Mary Kay Place arrives at the 45th Annual Los Angeles Film Critics Association Awards on Saturday, Jan. 11, 2020, in Los Angeles. (Photo by Willy Sanjuan/Invision/AP)

Veteran Actor Mary Kay Place Scored Multiple Country Hits in the '70s

Even if you don't recognize the name Mary Kay Place, you've seen her in something. The Primetime Emmy award-winner for her role as Loretta Haggers in Mary Hartman, Mary Hartman was also cast in popular TV shows M*A*S*H, All in the Family, The Mary Tyler Moore Show, My So-Called Life, The West Wing, King of the Hill, Big Love, The Mentalist, Pushing Daisies and Grey's Anatomy. Her big screen filmography's just as prolific, with The Big Chill, Private Benjamin, Starting Over, Captain Ron, Being John Malkovich, Citizen Ruth, Diane, Shrek Ever After, City of Ember, Sweet Home Alabama and Girl, Interrupted topping an impressive list of Hollywood productions.
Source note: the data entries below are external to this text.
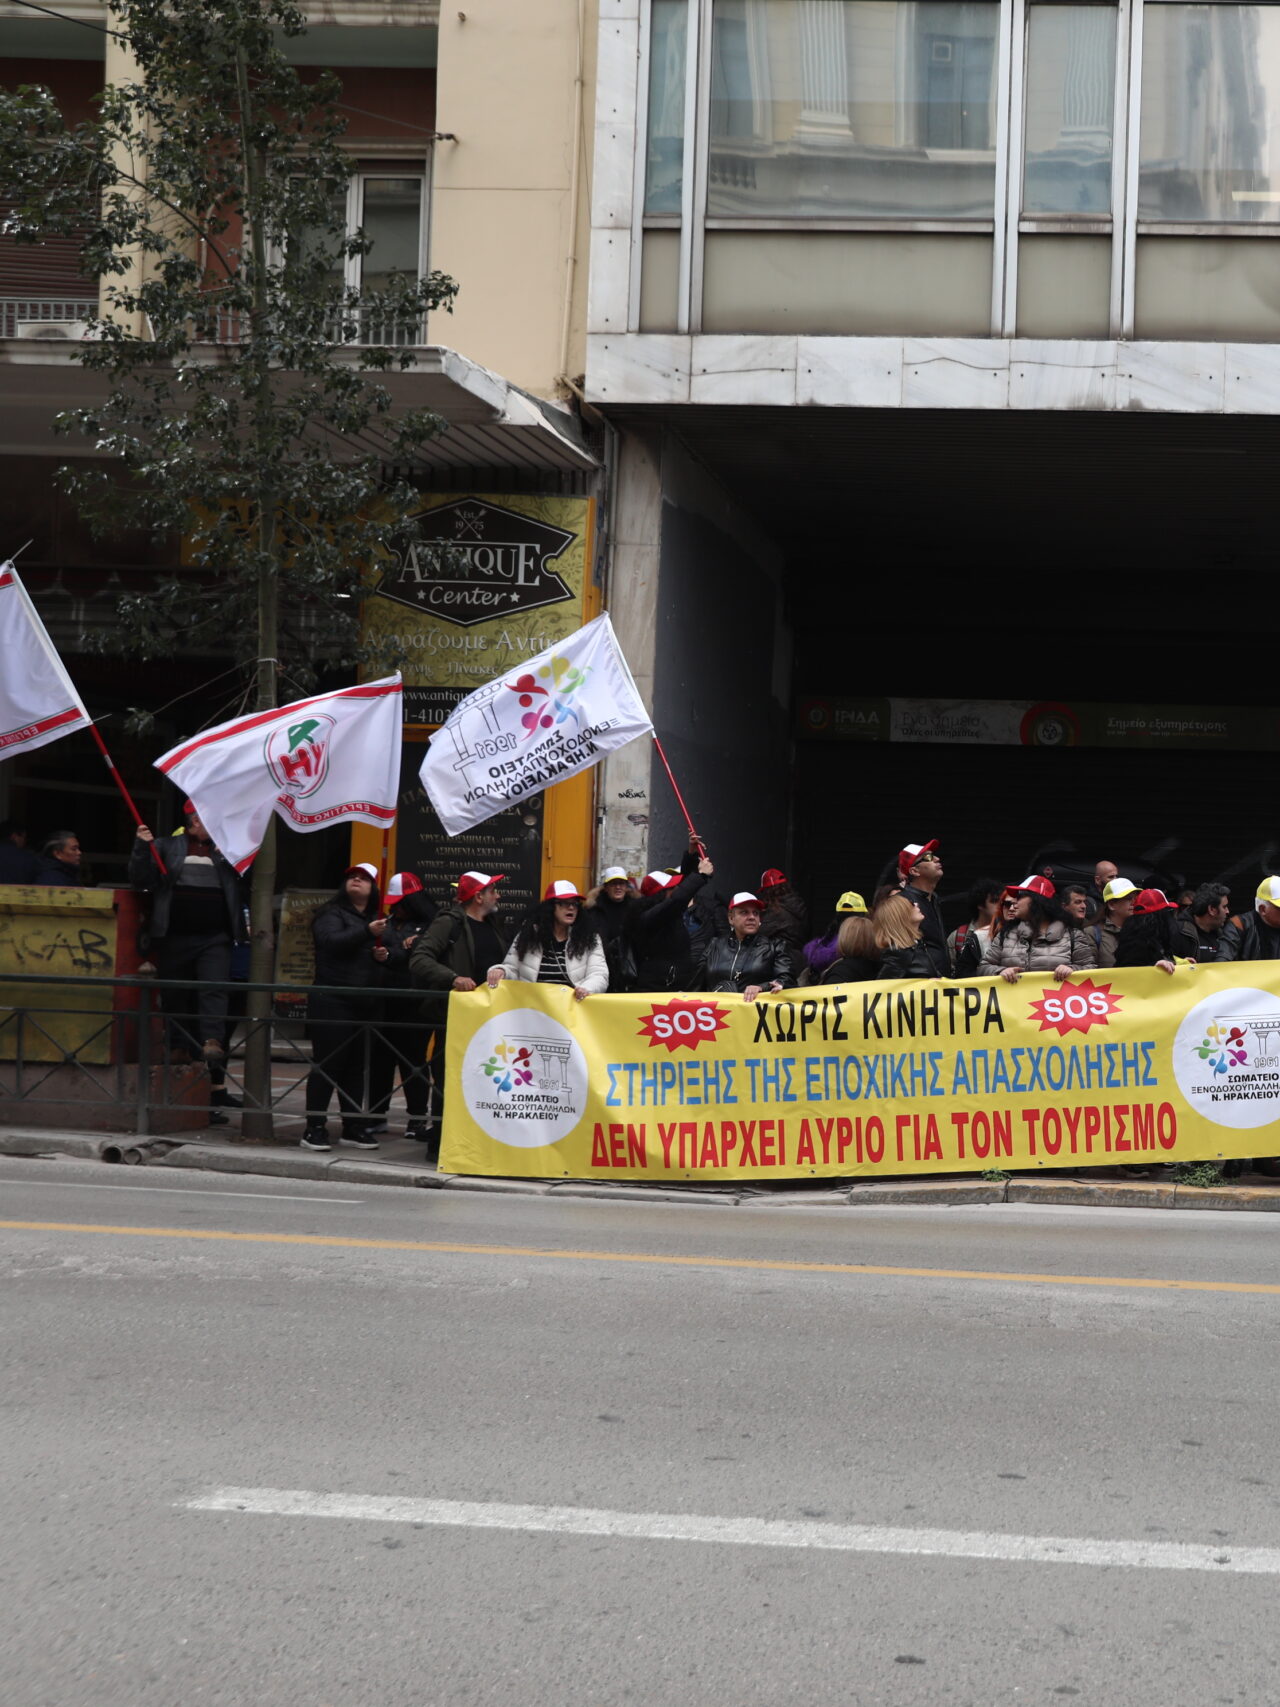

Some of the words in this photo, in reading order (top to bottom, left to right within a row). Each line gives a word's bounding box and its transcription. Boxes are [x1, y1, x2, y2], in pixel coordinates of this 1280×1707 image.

[398, 541, 540, 586] ANIQUE
[429, 585, 506, 606] Center
[496, 630, 559, 651] Αντίκ
[753, 995, 848, 1043] ΧΩΡΙΣ
[863, 986, 1005, 1039] ΚΙΝΗΤΡΑ
[1044, 992, 1109, 1023] SOS
[653, 1006, 717, 1039] SOS
[1254, 1056, 1279, 1068] 1961
[606, 1060, 737, 1107] ΣΤΗΡΙΞΗΣ
[745, 1057, 797, 1103] ΤΗΣ
[806, 1051, 945, 1101] ΕΠΟΧΙΚΗΣ
[952, 1041, 1158, 1095] ΑΠΑΣΧΟΛΗΣΗΣ
[1228, 1073, 1279, 1083] ΣΩΜΑΤΕΙΟ
[511, 1094, 559, 1104] ΣΩΜΑΤΕΙΟ
[1211, 1094, 1222, 1102] Ν.
[1224, 1090, 1280, 1101] ΗΡΑΚΛΕΙΟΥ
[505, 1112, 559, 1120] ΗΡΑΚΛΕΙΟΥ
[591, 1122, 647, 1169] ΔΕΝ
[657, 1119, 786, 1169] ΥΠΑΡΧΕΙ
[796, 1115, 885, 1165] ΑΥΡΙΟ
[896, 1112, 943, 1162] ΓΙΑ
[951, 1109, 1013, 1159] ΤΟΝ
[1022, 1101, 1177, 1155] ΤΟΥΡΙΣΜΟ
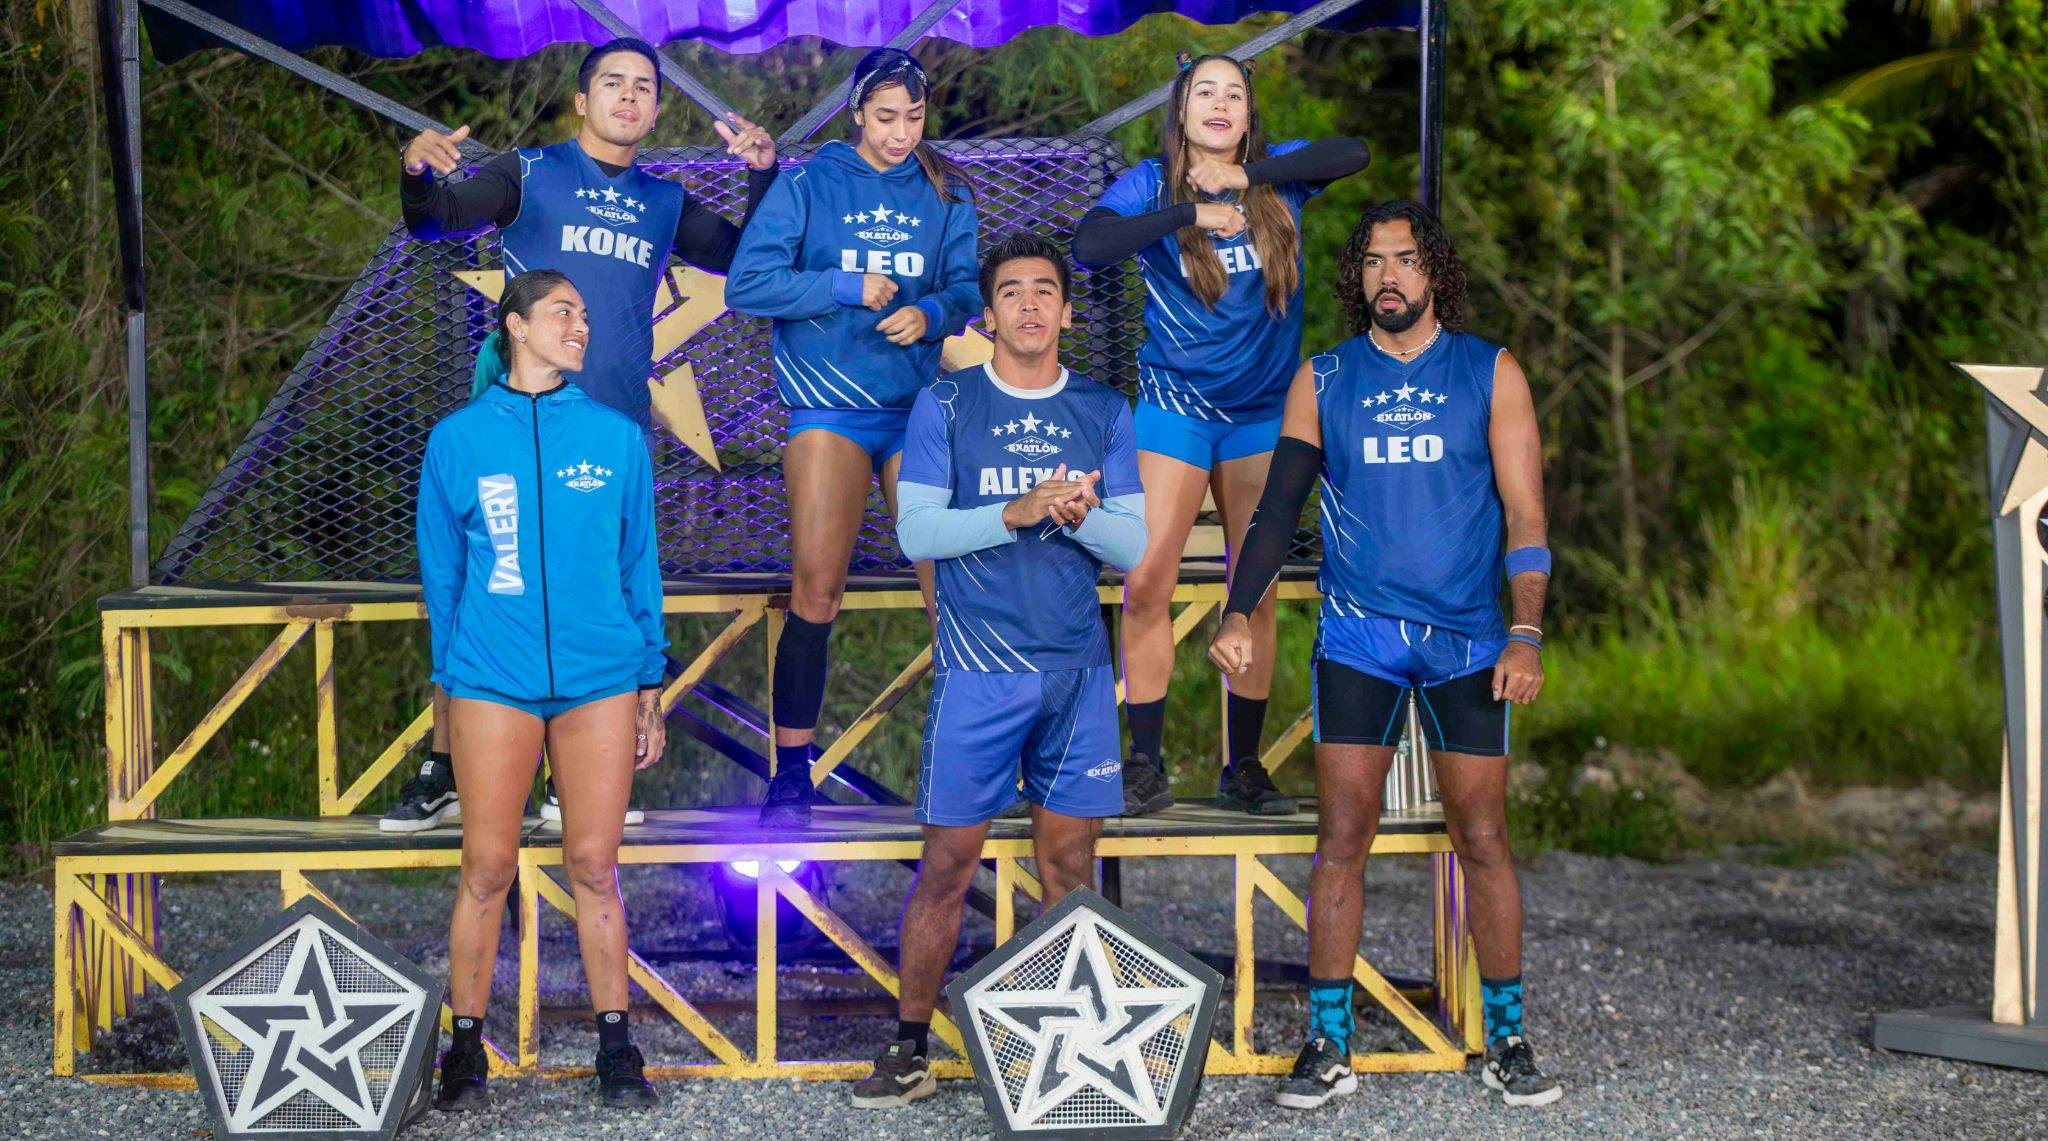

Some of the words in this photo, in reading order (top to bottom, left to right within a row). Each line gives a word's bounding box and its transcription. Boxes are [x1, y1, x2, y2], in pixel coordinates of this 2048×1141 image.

Back in the '70s, the Oklahoma native and University of Tulsa graduate moonlighted as a country singer. Instead of cutting a few novelty sides, Place recorded memorable albums, scored two Top 10 singles and collaborated with some of the genre's top stars.

The leap from Los Angeles to Nashville made perfect sense at the time because Mary Hartman's big-haired best friend Haggers had delusions of country star grandeur. Why not get more milage out of the character that'd soon win Place an Emmy (Outstanding Supporting Actress - Comedy Series, 1977)?

That said, her debut 1976 album Tonite! At The Capri Lounge: Loretta Haggers was more than a cash-in on Norman Lear's syndicated series. Debut single "Baby Boy," a Top 3 hit, and its infectiously fun follow-up "Vitamin L" co-starred a who's-who of session musicians (Emmylou Harris and Rodney Crowell appear as acoustic guitarists) and backup vocalists (Harris, Dolly Parton and Anne Murray).

One year later, Place's sophomore album Aimin' to Please arrived, and it featured just as much star power. Talents the caliber of backup singer Nicolette Larson joined Harris and her Hot Band in studio. Duet partner Willie Nelson elevated Place's second and final Top 10 hit to date, "Something to Brag About," while Leon Russell appears as guest pianist on a cover of "Save the Last Dance for Me."

During her stay in the country music spotlight, Place sang "Something to Brag About" with Nelson on a 1977 episode of Saturday Night Live, giving her musical talents an invaluable mainstream platform.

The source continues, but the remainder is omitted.